▶ [Task description]:
Give back every entry exactly; drop the pictures.

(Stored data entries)
▽

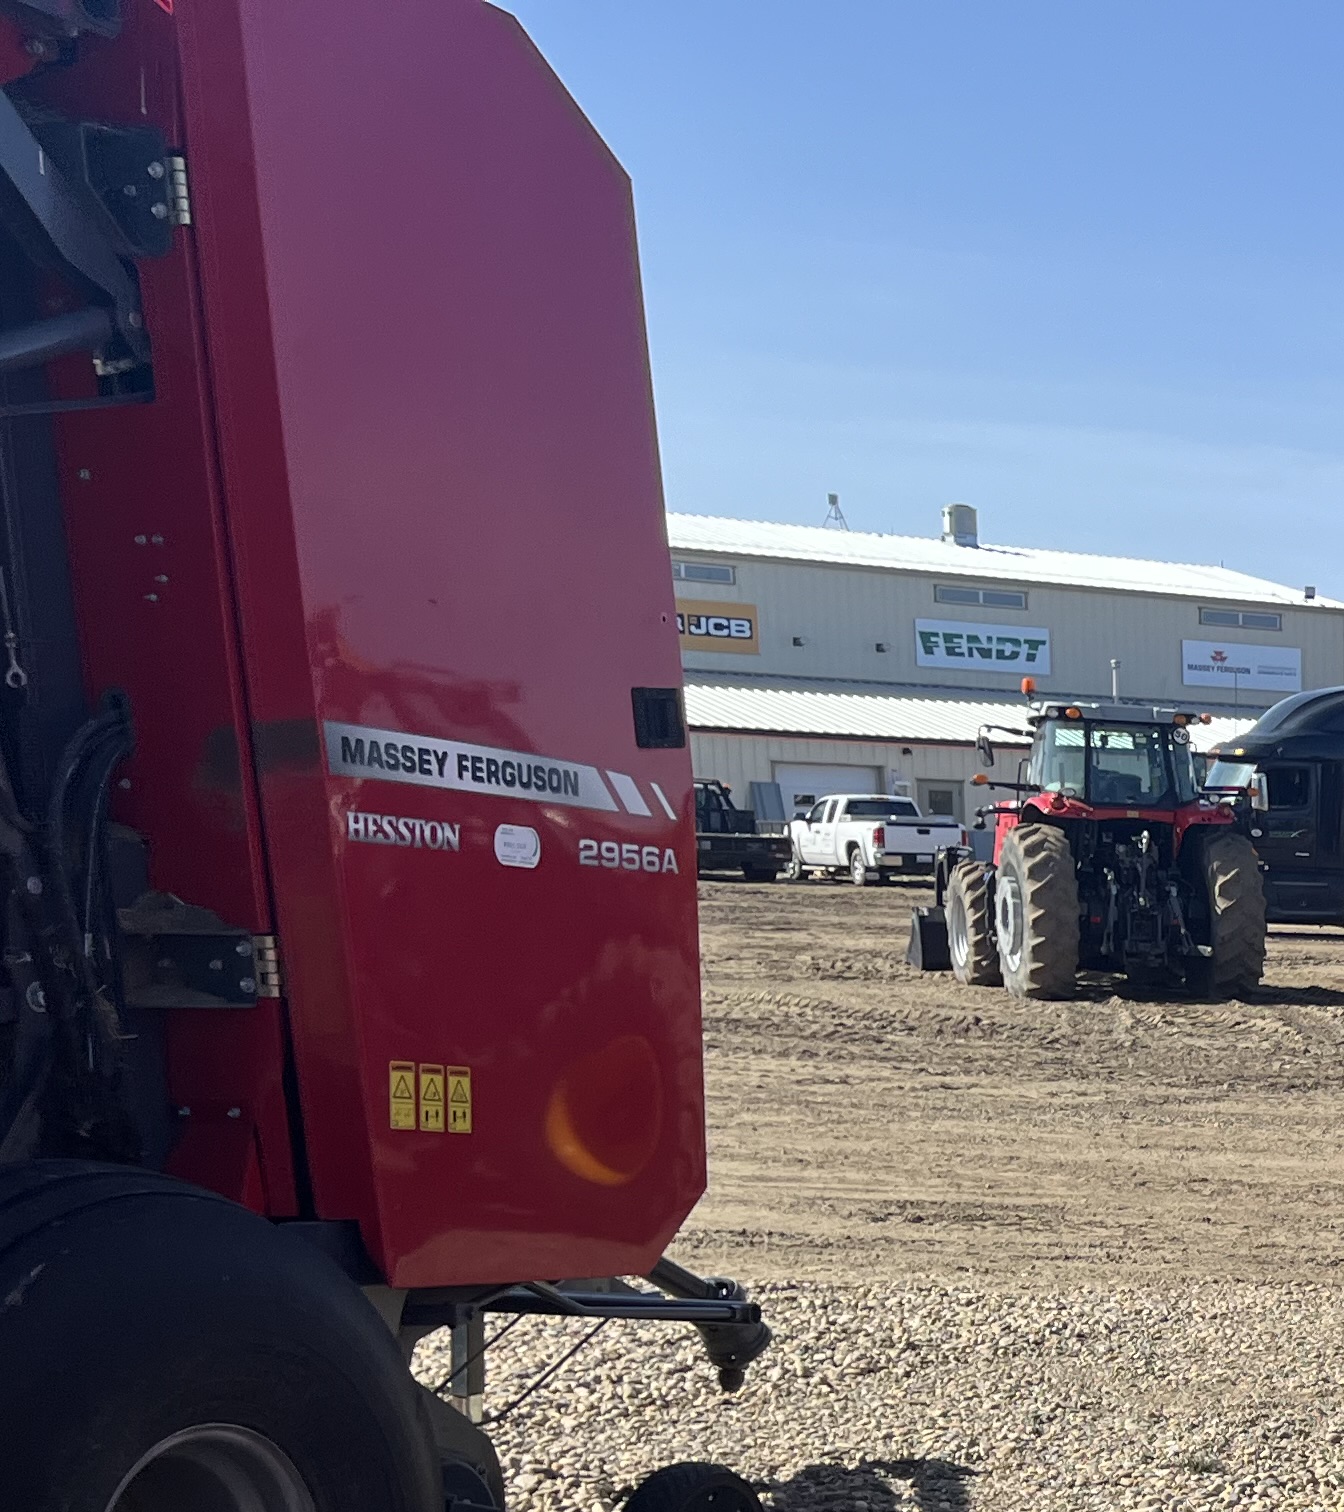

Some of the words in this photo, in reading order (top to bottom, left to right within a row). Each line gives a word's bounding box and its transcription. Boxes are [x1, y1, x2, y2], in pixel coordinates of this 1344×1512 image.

[689, 616, 752, 638] JCB
[918, 631, 1047, 662] FENDT
[1187, 664, 1215, 673] MASSEY
[340, 736, 449, 778] MASSEY
[457, 752, 580, 798] FERGUSON
[346, 811, 461, 851] HESSTON
[578, 838, 679, 875] 2956A

△

▶ [Reply to the exercise]:
Some of the words in this photo, in reading order (top to bottom, left to right within a row). Each line gives a word's bounding box and its transcription. Boxes are [x1, y1, x2, y2], in pixel coordinates of this 1344×1512 image.

[689, 616, 752, 638] JCB
[918, 631, 1047, 662] FENDT
[1187, 664, 1215, 673] MASSEY
[340, 736, 449, 778] MASSEY
[457, 752, 580, 798] FERGUSON
[346, 811, 461, 851] HESSTON
[578, 838, 679, 875] 2956A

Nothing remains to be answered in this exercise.